**Work instruction:**
Please restate every record below word for word and skip the pictures.

**Material provided:**

◇ ◇ ◇ ◇ ◇ ◇ ◇

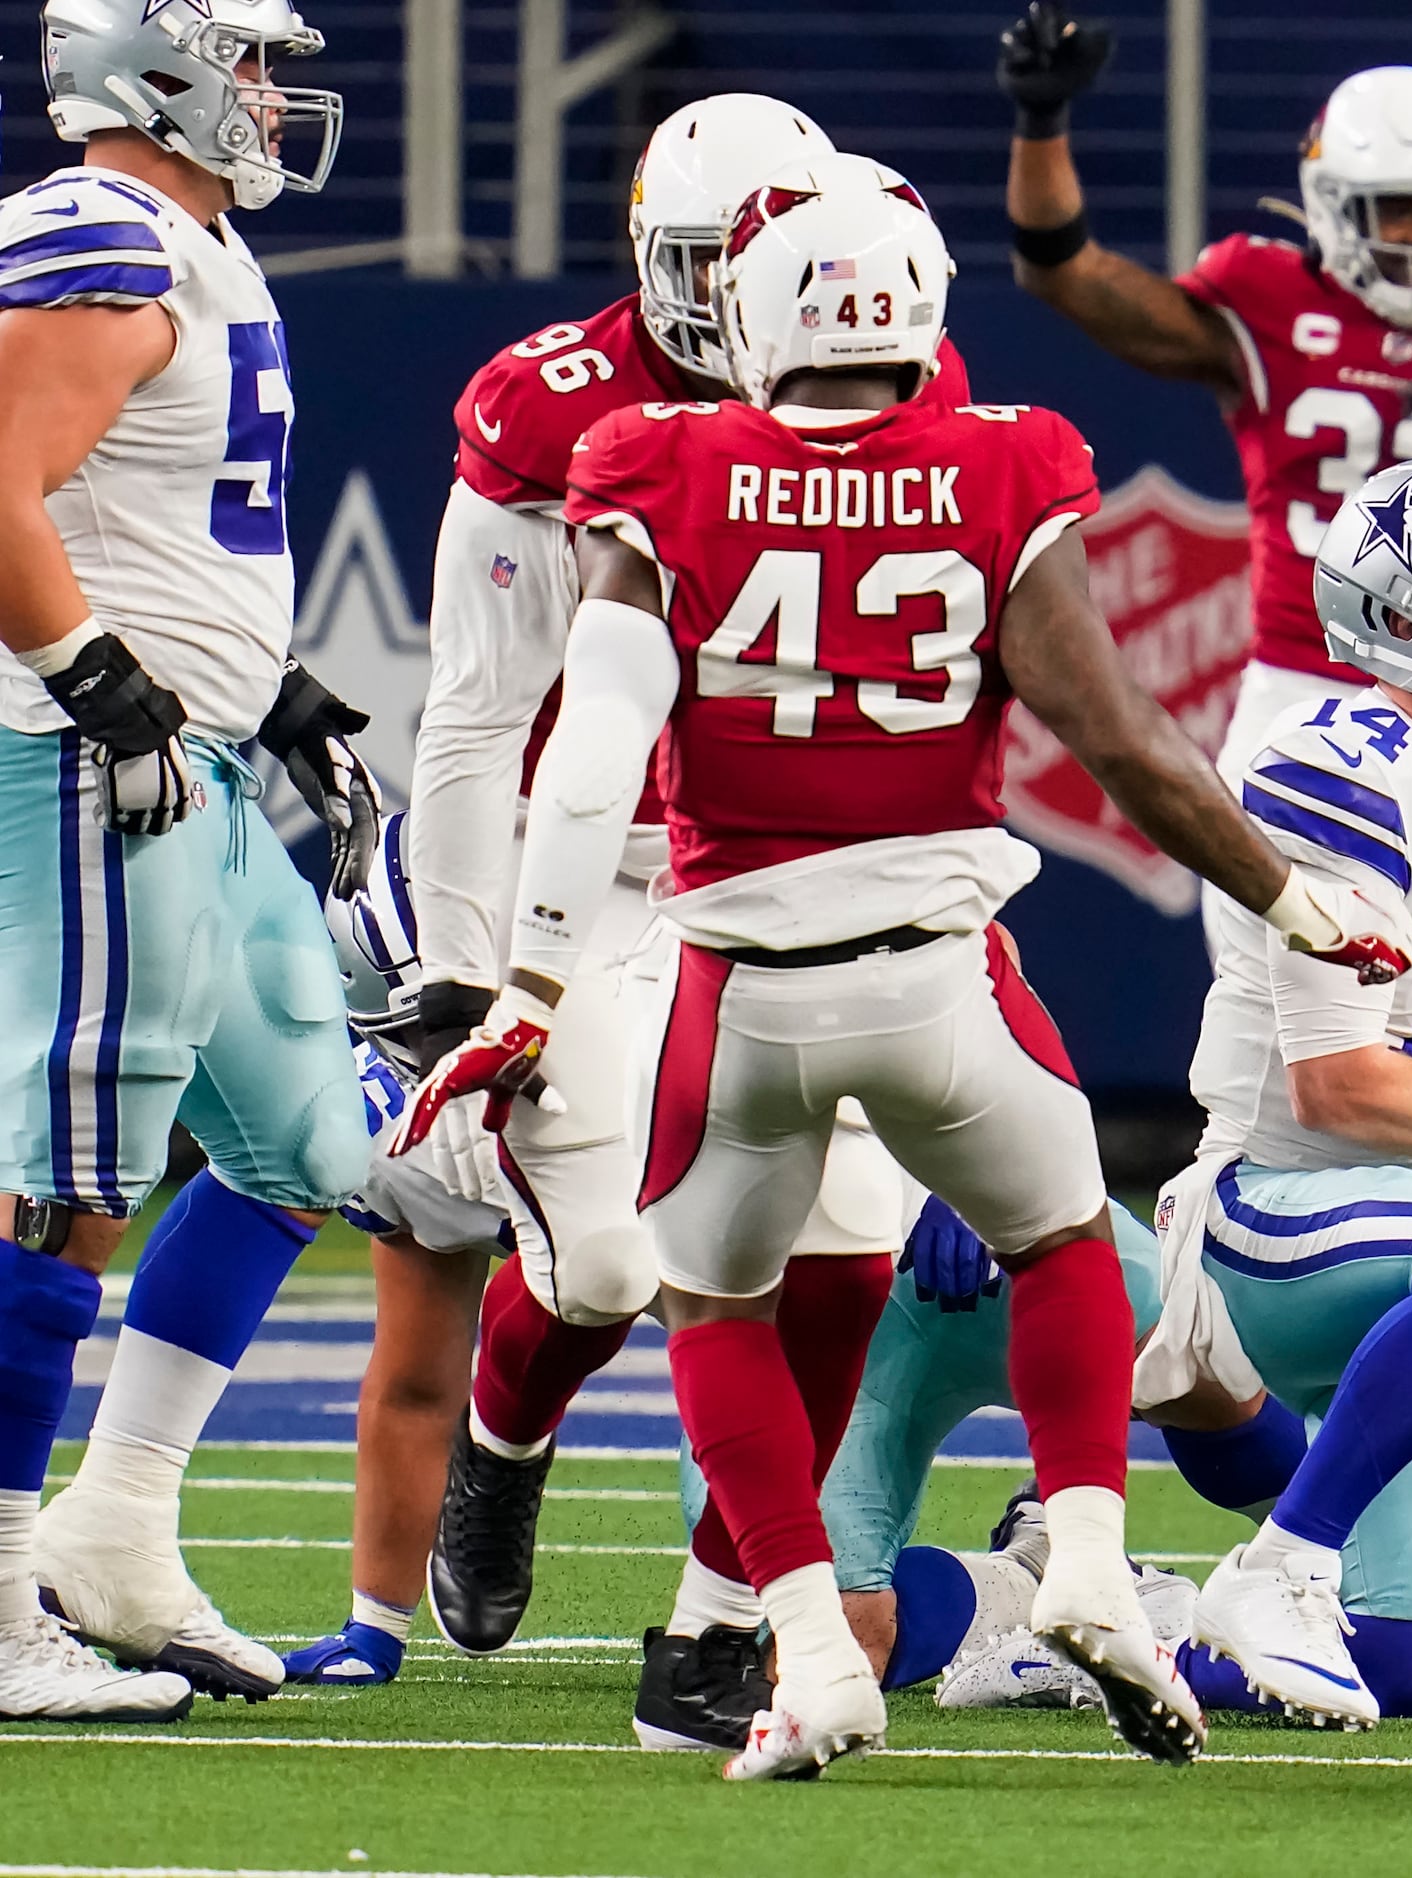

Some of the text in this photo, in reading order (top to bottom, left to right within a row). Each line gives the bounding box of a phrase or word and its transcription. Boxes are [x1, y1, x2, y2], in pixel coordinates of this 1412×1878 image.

[511, 324, 615, 394] 96
[1292, 311, 1343, 357] C
[209, 320, 294, 556] 5
[727, 463, 963, 529] REDDICK
[697, 549, 988, 739] 43
[1300, 698, 1411, 764] 14

◇ ◇ ◇ ◇ ◇ ◇ ◇

**Response:**
Some of the text in this photo, in reading order (top to bottom, left to right within a row). Each line gives the bounding box of a phrase or word and its transcription. Boxes are [x1, y1, x2, y2], in pixel coordinates of this 1412×1878 image.

[511, 324, 615, 394] 96
[1292, 311, 1343, 357] C
[209, 320, 294, 556] 5
[727, 463, 963, 529] REDDICK
[697, 549, 988, 739] 43
[1300, 698, 1411, 764] 14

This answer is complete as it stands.